* Exercise requirements
Print each record below exactly as it appears.

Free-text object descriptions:
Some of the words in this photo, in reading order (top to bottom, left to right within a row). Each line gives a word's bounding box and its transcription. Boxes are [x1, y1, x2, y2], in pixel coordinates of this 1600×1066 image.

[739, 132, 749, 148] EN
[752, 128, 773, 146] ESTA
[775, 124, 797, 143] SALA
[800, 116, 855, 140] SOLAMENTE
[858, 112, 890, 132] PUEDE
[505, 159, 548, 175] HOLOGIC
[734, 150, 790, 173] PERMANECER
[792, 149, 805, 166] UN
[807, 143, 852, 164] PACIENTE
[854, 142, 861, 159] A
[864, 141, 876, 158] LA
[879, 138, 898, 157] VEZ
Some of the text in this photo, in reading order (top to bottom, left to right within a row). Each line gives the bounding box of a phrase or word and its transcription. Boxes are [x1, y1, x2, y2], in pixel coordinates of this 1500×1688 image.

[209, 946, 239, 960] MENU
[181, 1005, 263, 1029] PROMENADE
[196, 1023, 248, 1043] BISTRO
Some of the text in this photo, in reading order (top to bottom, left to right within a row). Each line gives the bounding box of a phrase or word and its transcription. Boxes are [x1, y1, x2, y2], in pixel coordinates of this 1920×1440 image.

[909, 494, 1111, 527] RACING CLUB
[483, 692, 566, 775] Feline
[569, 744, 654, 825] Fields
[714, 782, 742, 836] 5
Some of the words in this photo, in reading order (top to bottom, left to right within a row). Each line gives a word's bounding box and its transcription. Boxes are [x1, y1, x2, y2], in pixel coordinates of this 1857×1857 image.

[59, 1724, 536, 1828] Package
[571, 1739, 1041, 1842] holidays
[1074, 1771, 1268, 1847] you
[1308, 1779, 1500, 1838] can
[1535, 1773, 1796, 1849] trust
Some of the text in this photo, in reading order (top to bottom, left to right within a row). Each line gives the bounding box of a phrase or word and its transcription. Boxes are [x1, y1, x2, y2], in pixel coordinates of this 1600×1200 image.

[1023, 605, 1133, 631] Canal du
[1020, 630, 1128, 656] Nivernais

* Answer to this problem
Some of the words in this photo, in reading order (top to bottom, left to right within a row). Each line gives a word's bounding box and its transcription. Boxes are [x1, y1, x2, y2], in pixel coordinates of this 1600×1066 image.

[739, 132, 749, 148] EN
[752, 128, 773, 146] ESTA
[775, 124, 797, 143] SALA
[800, 116, 855, 140] SOLAMENTE
[858, 112, 890, 132] PUEDE
[505, 159, 548, 175] HOLOGIC
[734, 150, 790, 173] PERMANECER
[792, 149, 805, 166] UN
[807, 143, 852, 164] PACIENTE
[854, 142, 861, 159] A
[864, 141, 876, 158] LA
[879, 138, 898, 157] VEZ
Some of the text in this photo, in reading order (top to bottom, left to right within a row). Each line gives the bounding box of a phrase or word and its transcription. Boxes are [x1, y1, x2, y2], in pixel coordinates of this 1500×1688 image.

[209, 946, 239, 960] MENU
[181, 1005, 263, 1029] PROMENADE
[196, 1023, 248, 1043] BISTRO
Some of the text in this photo, in reading order (top to bottom, left to right within a row). Each line gives the bounding box of a phrase or word and its transcription. Boxes are [x1, y1, x2, y2], in pixel coordinates of this 1920×1440 image.

[909, 494, 1111, 527] RACING CLUB
[483, 692, 566, 775] Feline
[569, 744, 654, 825] Fields
[714, 782, 742, 836] 5
Some of the words in this photo, in reading order (top to bottom, left to right within a row). Each line gives a word's bounding box and its transcription. Boxes are [x1, y1, x2, y2], in pixel coordinates of this 1857×1857 image.

[59, 1724, 536, 1828] Package
[571, 1739, 1041, 1842] holidays
[1074, 1771, 1268, 1847] you
[1308, 1779, 1500, 1838] can
[1535, 1773, 1796, 1849] trust
Some of the text in this photo, in reading order (top to bottom, left to right within a row). Each line gives the bounding box of a phrase or word and its transcription. Boxes are [x1, y1, x2, y2], in pixel coordinates of this 1600×1200 image.

[1023, 605, 1133, 631] Canal du
[1020, 630, 1128, 656] Nivernais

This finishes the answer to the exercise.